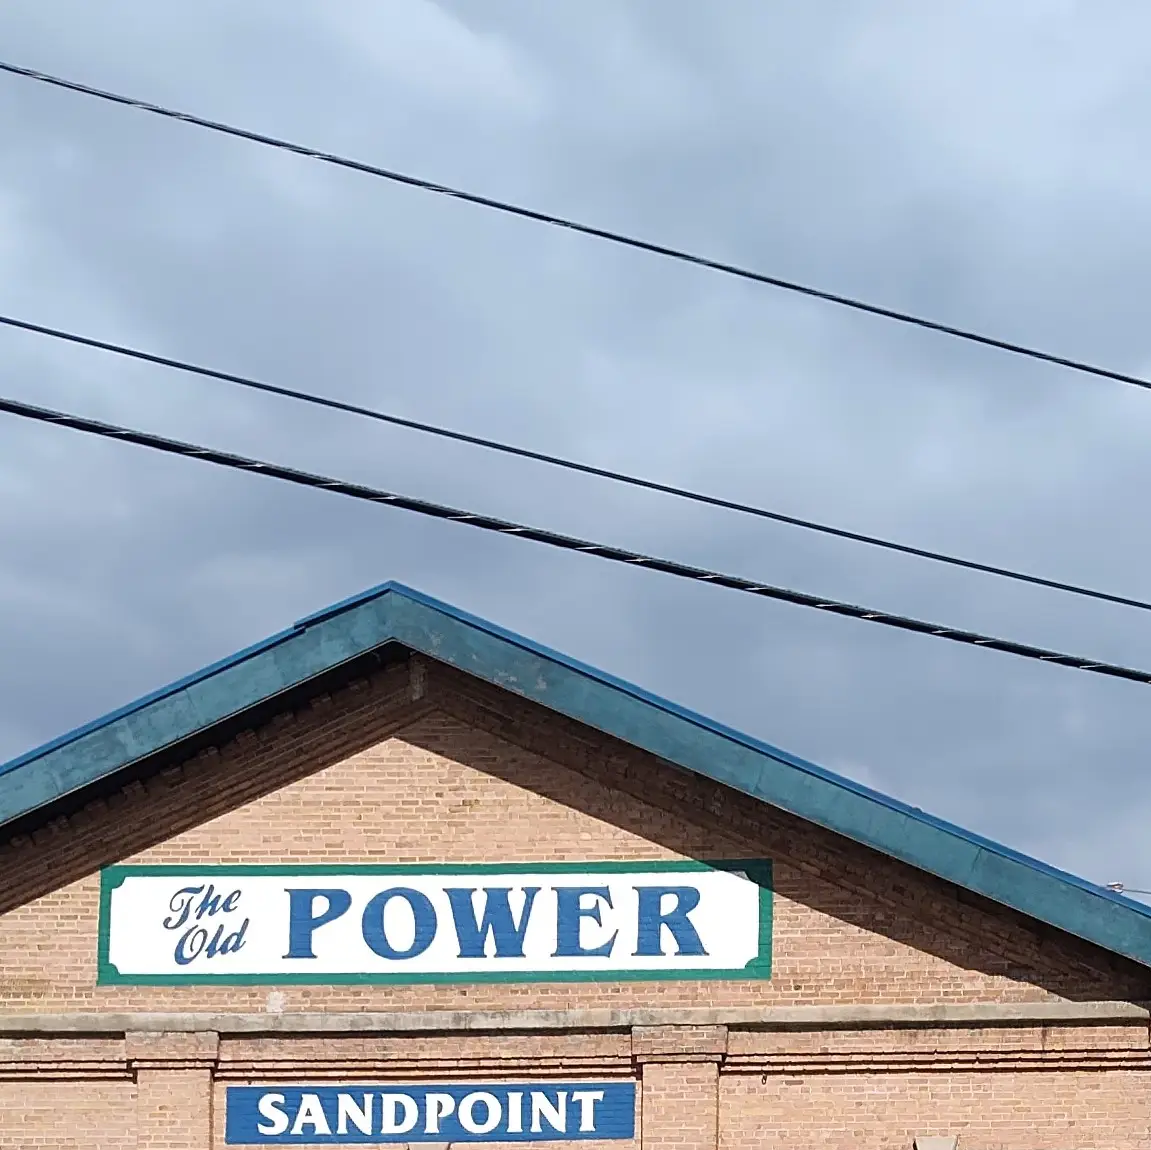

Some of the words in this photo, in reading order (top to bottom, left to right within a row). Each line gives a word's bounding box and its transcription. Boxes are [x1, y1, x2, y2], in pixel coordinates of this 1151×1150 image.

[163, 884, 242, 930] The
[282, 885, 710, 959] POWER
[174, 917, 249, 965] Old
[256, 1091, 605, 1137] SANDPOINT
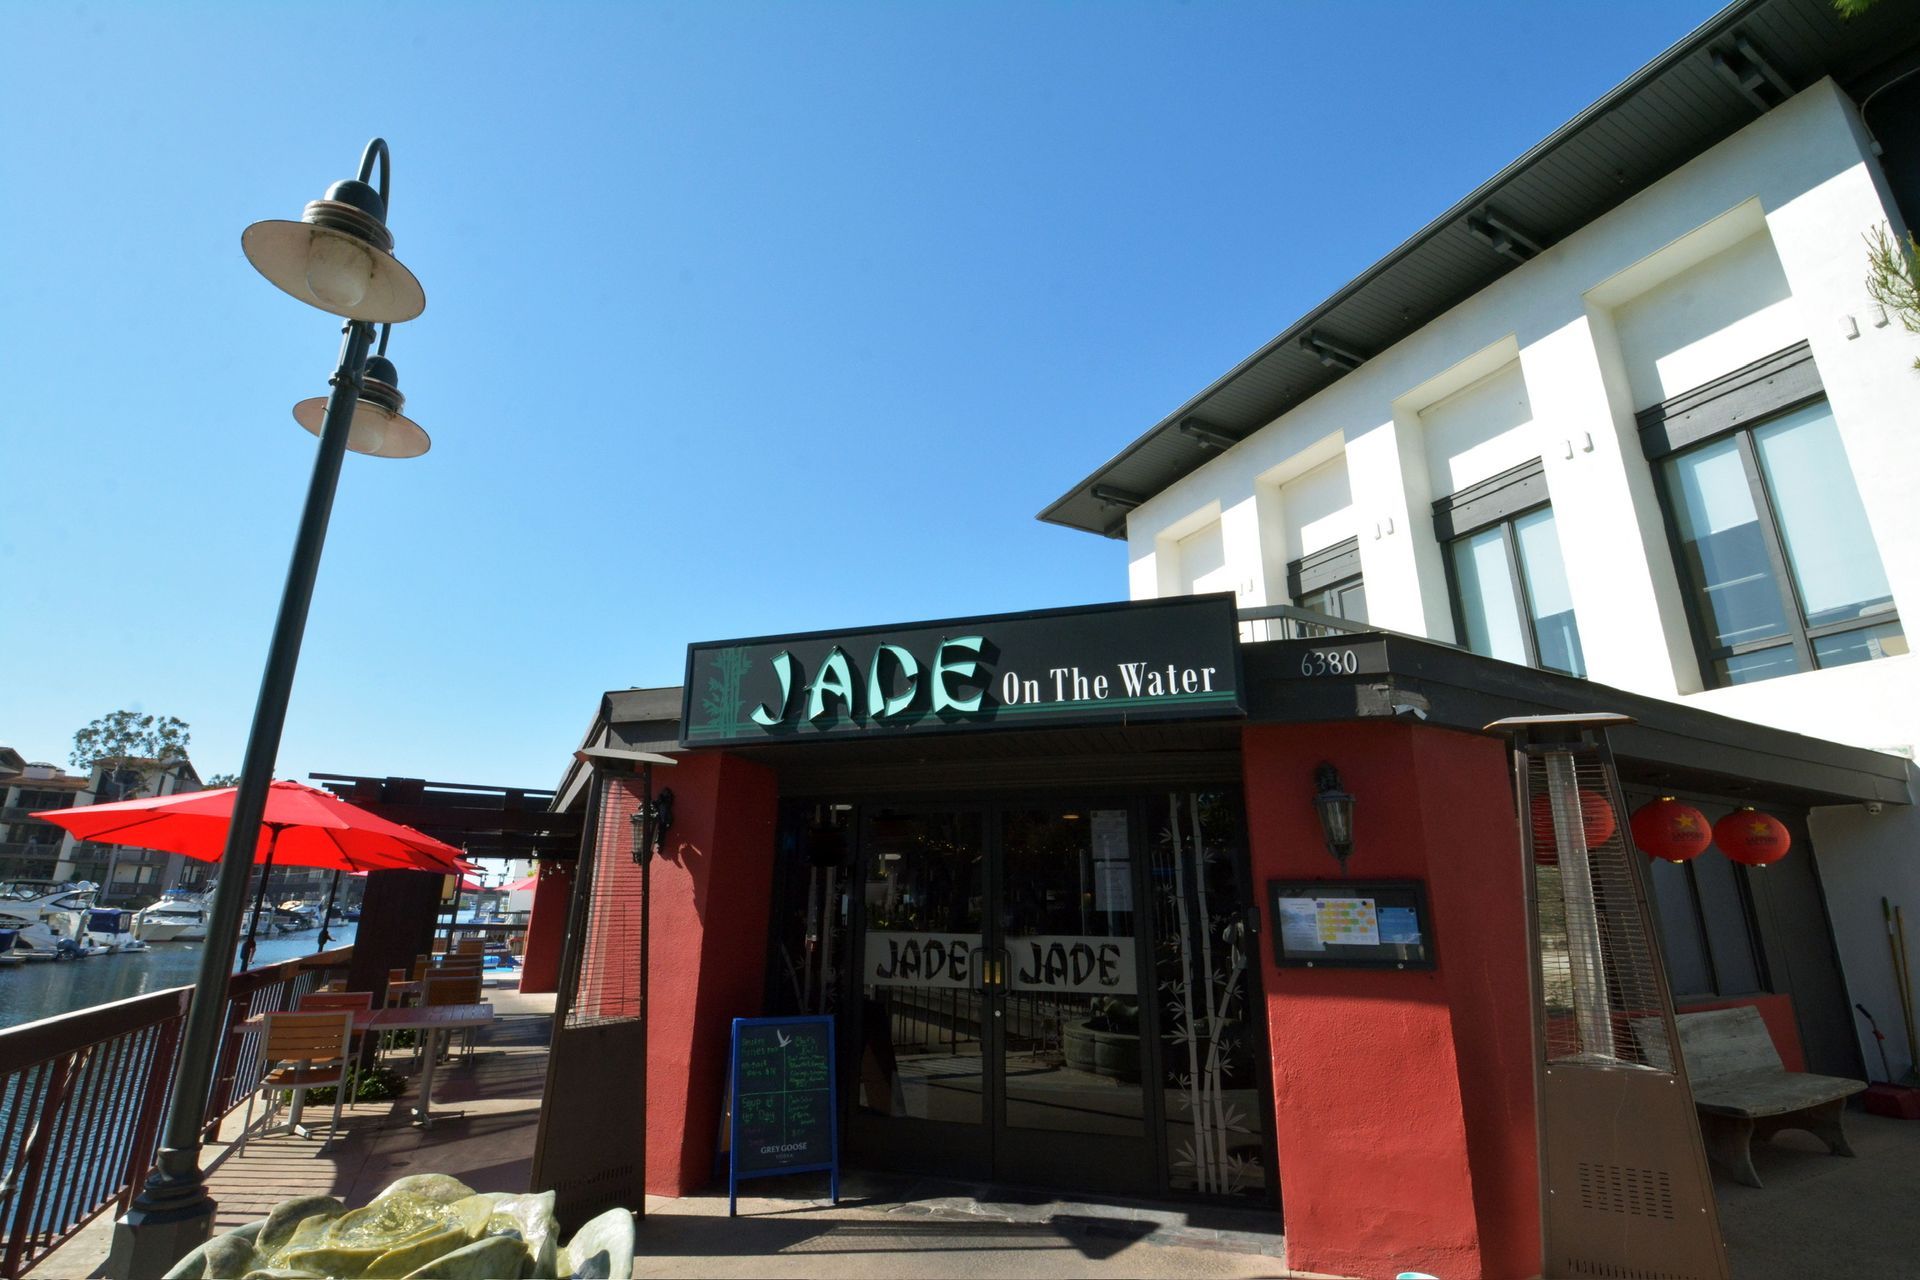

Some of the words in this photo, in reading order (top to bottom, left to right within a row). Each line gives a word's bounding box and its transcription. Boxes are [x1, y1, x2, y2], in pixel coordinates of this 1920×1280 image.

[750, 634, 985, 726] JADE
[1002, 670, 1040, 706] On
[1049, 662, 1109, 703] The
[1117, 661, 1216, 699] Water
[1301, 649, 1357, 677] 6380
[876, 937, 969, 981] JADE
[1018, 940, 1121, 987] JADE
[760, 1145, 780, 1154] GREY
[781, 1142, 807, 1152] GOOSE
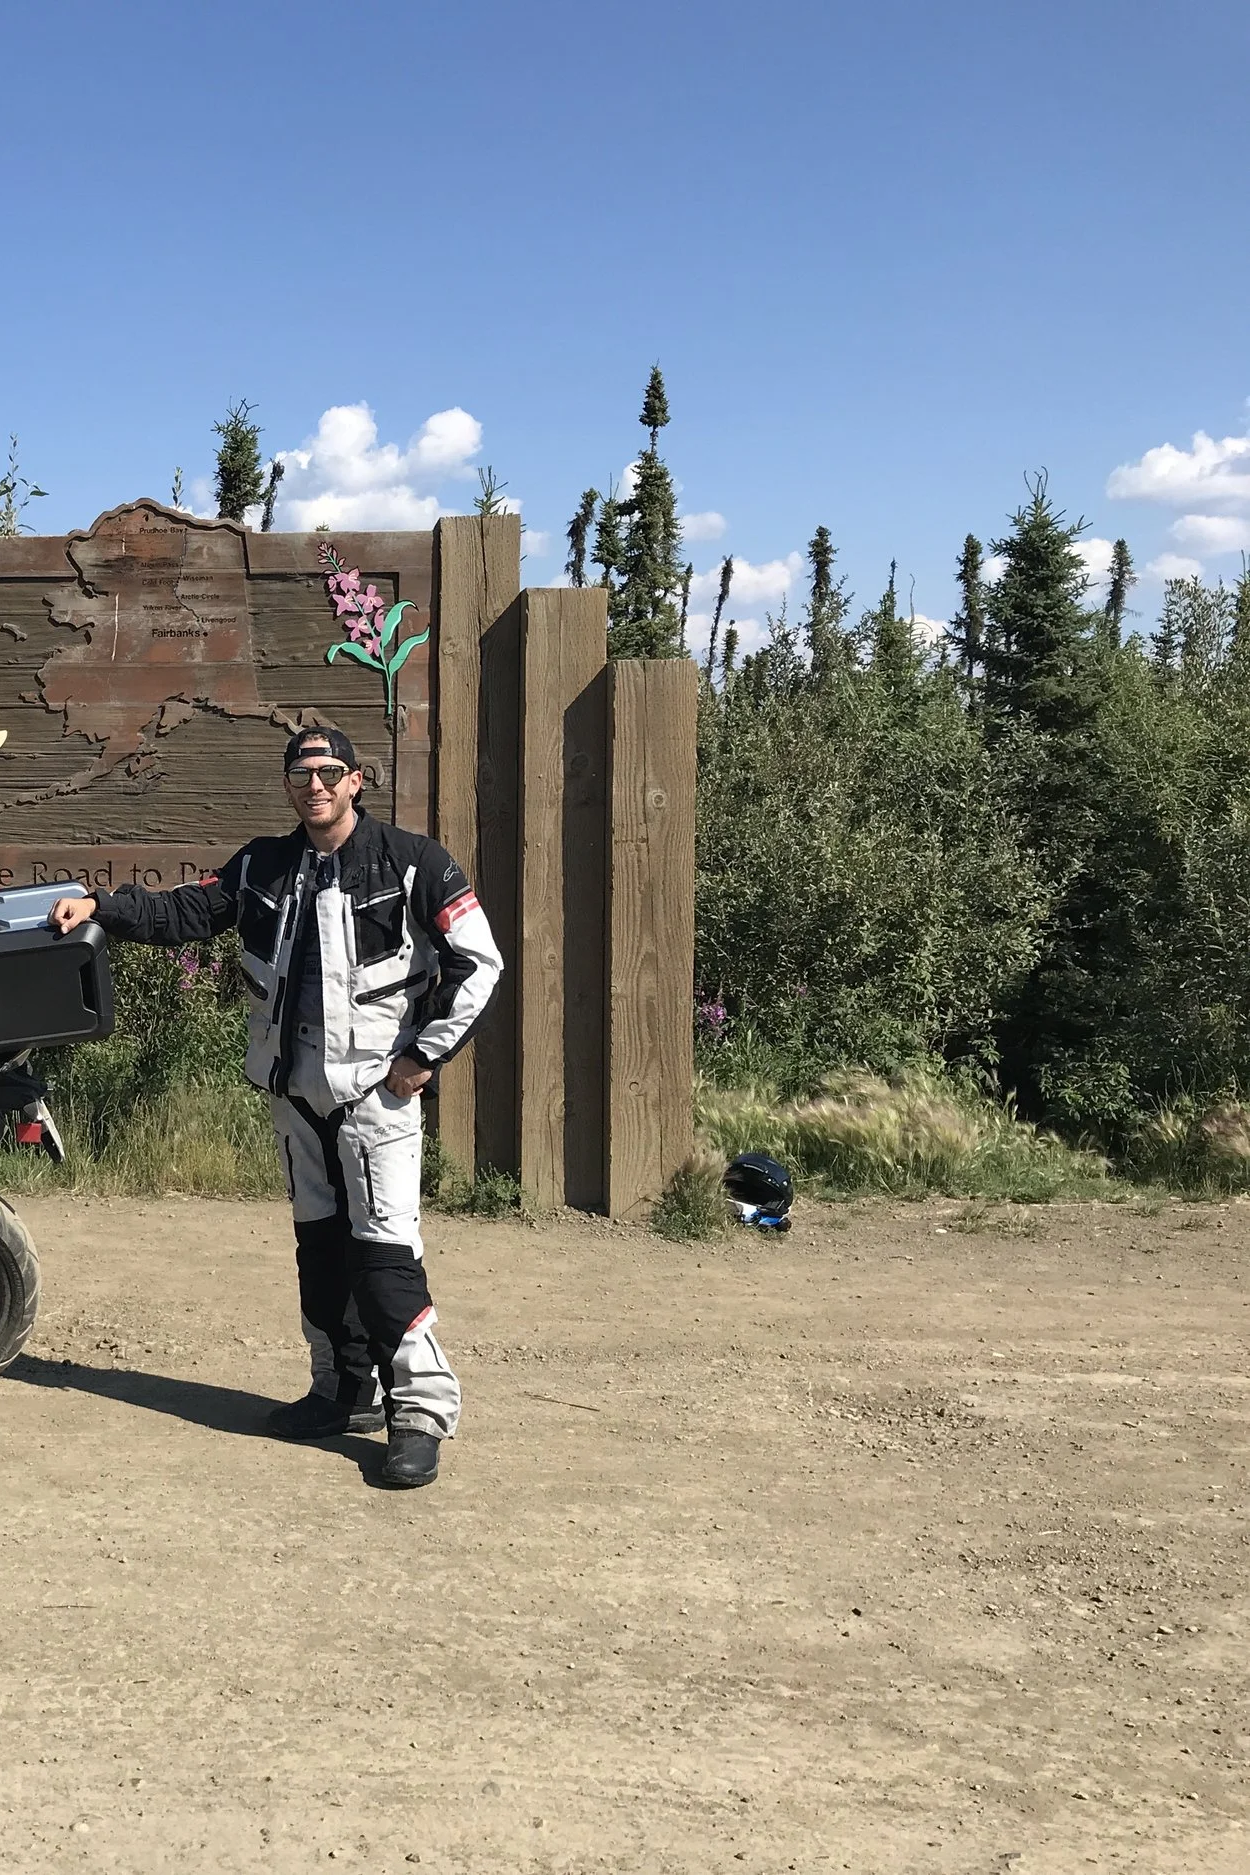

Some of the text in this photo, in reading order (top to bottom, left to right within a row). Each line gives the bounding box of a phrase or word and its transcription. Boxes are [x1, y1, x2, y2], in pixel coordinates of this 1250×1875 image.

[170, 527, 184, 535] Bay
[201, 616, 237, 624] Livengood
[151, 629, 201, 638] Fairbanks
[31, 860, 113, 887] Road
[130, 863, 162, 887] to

········

● **TASK DETAILS**:
Output the listing exactly. Leave out any image.

● **SOLUTION BELOW**:
Some of the words in this photo, in reading order (top to bottom, left to right within a row). Each line gives a word's bounding box and its transcription. Boxes are [x1, y1, x2, y2], in pixel coordinates of this 1151×1150 image.

[163, 884, 242, 930] The
[282, 885, 710, 959] POWER
[174, 917, 249, 965] Old
[256, 1091, 605, 1137] SANDPOINT

Some of the words in this photo, in reading order (top to bottom, left to right within a row). Each line gives a word's bounding box and its transcription. Boxes are [x1, y1, x2, y2], in pixel coordinates of this 1920×1280 image.

[750, 634, 985, 726] JADE
[1002, 670, 1040, 706] On
[1049, 662, 1109, 703] The
[1117, 661, 1216, 699] Water
[1301, 649, 1357, 677] 6380
[876, 937, 969, 981] JADE
[1018, 940, 1121, 987] JADE
[760, 1145, 780, 1154] GREY
[781, 1142, 807, 1152] GOOSE

Some of the text in this photo, in reading order (top to bottom, left to right within a row). Each line gives the bounding box of a phrase or word and its transcription. Boxes are [x1, y1, x2, y2], in pixel coordinates of this 1250×1875 image.

[170, 527, 184, 535] Bay
[201, 616, 237, 624] Livengood
[151, 629, 201, 638] Fairbanks
[31, 860, 113, 887] Road
[130, 863, 162, 887] to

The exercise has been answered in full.